Il rischio di ictus nei pazienti con fibrillazione atriale
Come si può ridurre? Lo spiega il Prof. Claudio Tondo, Direttore Dipartimento di Aritmologia
Il Professor Claudio Tondo, Direttore del Dipartimento di Aritmologia del Monzino, è intervenuto all’Atrial Fibrillation Symposium 2022, il più importante congresso mondiale sulla fibrillazione atriale che si è recentemente concluso a New York. Unico esponente di un ospedale italiano al Congresso, il Professor Tondo ha illustrato alla platea di cardiologi di tutto il mondo presenti, l’importanza dell’intervento di chiusura dell’auricola sinistra del cuore per ridurre il rischio tromboembolico associato alla fibrillazione atriale.
Di cosa si tratta esattamente e a chi è indicato? Lo spiega qui il Professor Tondo.
Fibrillazione atriale e rischio di ictus
La fibrillazione atriale (FA) è il disturbo del ritmo cardiaco più frequente: solo in Italia si contano più di 400.000 nuove diagnosi ogni anno. Oltre ad essere una delle cause principali dello scompenso cardiaco, questa aritmia espone chi ne soffre a un maggior rischio tromboembolico. Chi soffre di crisi ripetute di fibrillazione atriale può avere un rischio tromboembolico annuale anche di 5-6 volte più elevato rispetto alle persone con ritmo cardiaco regolare.
Qual è la causa della correlazione tra ictus e FA?
La fibrillazione atriale favorisce la formazione di coaguli del sangue (trombi) che, se entrano nella circolazione, rischiano di occludere un’arteria e provocare le cosiddette embolie arteriose periferiche, oppure un ictus se l’arteria occlusa è in corrispondenza del cervello. La grande maggioranza dei trombi che colpiscono i malati cronici di fibrillazione atriale originano proprio nell’auricola sinistra.
Cosa viene fatto per ridurre il rischio di ictus o embolie nei pazienti con fibrillazione atriale?
Come recentemente illustrato al convegno di New York, si può abbinare alla tradizionale procedura di ablazione transcatetere, che viene eseguita per “isolare” le porzioni del tessuto cardiaco responsabili dell’aritmia, anche la chiusura dell'auricola sinistra del cuore. Combinare questi due interventi rappresenta un importante passo avanti nella prevenzione dell’ictus in chi soffre di fibrillazione atriale cronica e viene proposto in particolare ai pazienti affetti da fibrillazione atriale in cui la terapia con farmaci anticoagulanti non risulta efficace, o genera complicanze emorragiche.

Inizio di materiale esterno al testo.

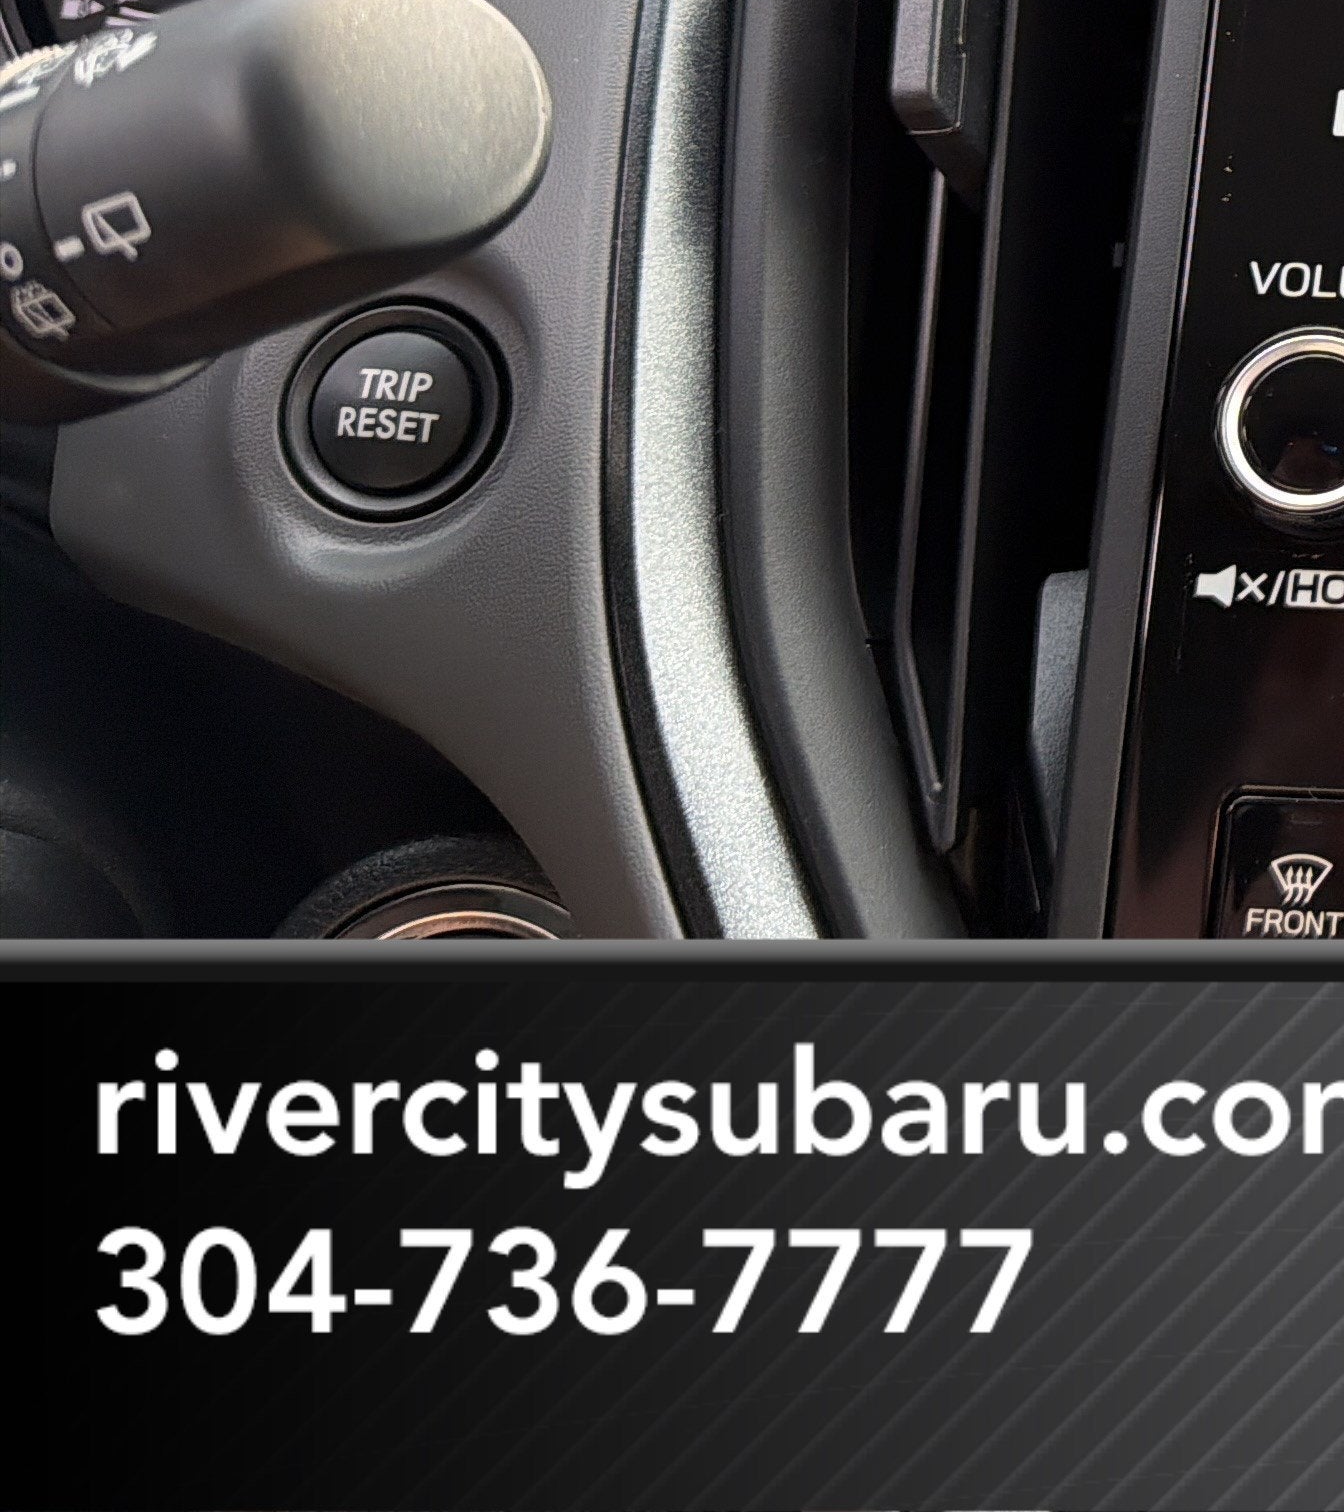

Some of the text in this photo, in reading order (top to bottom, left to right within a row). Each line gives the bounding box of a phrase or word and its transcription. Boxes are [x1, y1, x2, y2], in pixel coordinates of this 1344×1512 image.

La chiusura dell’auricola come procedura salvavita
Per i pazienti con fibrillazione atriale, infatti, non sempre è possibile assumere la terapia anticoagulante permanente. Tale terapia, sebbene di provata efficacia, comporta un certo rischio di emorragie (circa il 5 per cento all’anno), pertanto chi è affetto, per esempio, da ulcere o presenta una storia di pregresse emorragie, non può assumere questo tipo di farmaci. Oppure ci sono anche pazienti più critici, esposti maggiormente al rischio di trombosi, per cui la terapia anticoagulante da sola si può rivelare una protezione non sufficiente. Per tutti questi casi l’intervento di chiusura dell’auricola sinistra è un’opzione terapeutica salvavita.
In cosa consiste la procedura
L’auricola sinistra è una piccola appendice in comunicazione con l’atrio sinistro del cuore. La sua chiusura avviene per mezzo di una procedura di cardiologia interventistica: grazie a un catetere, viene inserita una mini-protesi che assolve la funzione di “tappo”; in questo modo l’auricola viene chiusa, i coaguli non entrano nel circolo sanguigno e si abbatte il rischio di embolia o di ictus.
Si tratta di una procedura molto avanzata di cui al Monzino siamo precursori, con oltre 300 casi eseguiti, e risultati molto incoraggianti sia in termini di sicurezza che di efficacia.